Отец Иннокентий улыбнулся в седую бороду.
— Меня с детства больше к книгам тянуло, а не к магии. Нас у отца семеро было, я средний. Поместье маленькое — одна деревенька, да три аномалии. Хочешь — не хочешь, а нужно было службу искать. Или в гвардейцы идти, или управляющим к богатому аристократу проситься. Павел Лаврентьевич по государственной линии пошел, чиновником стал. А я в семинарию подался.
Отец Иннокентий откусил пирожок и аккуратно стряхнул крошки с волнистой седой бороды.
— После окончания семинарии оставили меня алтарником в Симеоновской церкви — отец постарался. Потом рукоположили в диаконы и отправили в Холмск. И тут снова встретились с Тишиным. Его как раз помощником уездного комиссара назначили. С тех пор и служим вместе. Павел Лаврентьевич до уездного комиссара дорос. А я сан принял, когда мой предшественник на покой ушел.
Голос священника мерно рокотал, рождая чувство уюта и покоя.
Отец Иннокентий отставил пустую чашку и мирно улыбнулся Алене Ивановне:
— Благодарю за трапезу.

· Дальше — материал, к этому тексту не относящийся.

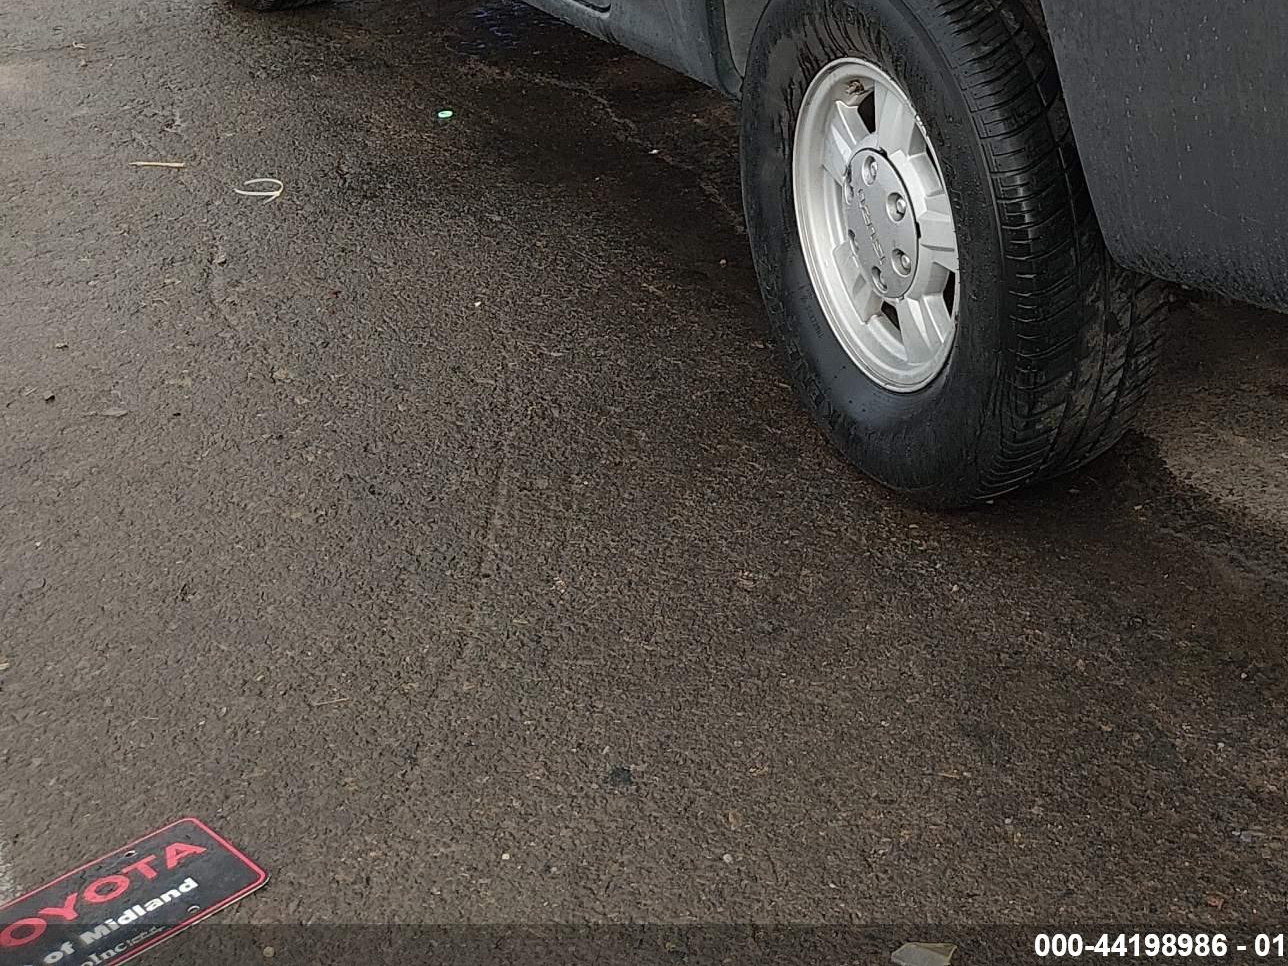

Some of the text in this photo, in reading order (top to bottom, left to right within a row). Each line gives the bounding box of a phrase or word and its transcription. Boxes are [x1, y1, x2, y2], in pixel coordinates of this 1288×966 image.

Не пирожки, а истинное чудо. Мне бы рецепт, Алена Ивановна — попадья моя тоже печь любит.
— Я запишу, — просияла Достоевская и вылетела из кухни.
А я поднялся из-за стола.
— Едем, отец Иннокентий. Костя, где ты машину священника оставил?
Захаров вскинул на меня покрасневшие от бессонницы глаза.
— Сейчас покажу.
Мы вышли за ворота, и я остолбенел от удивления.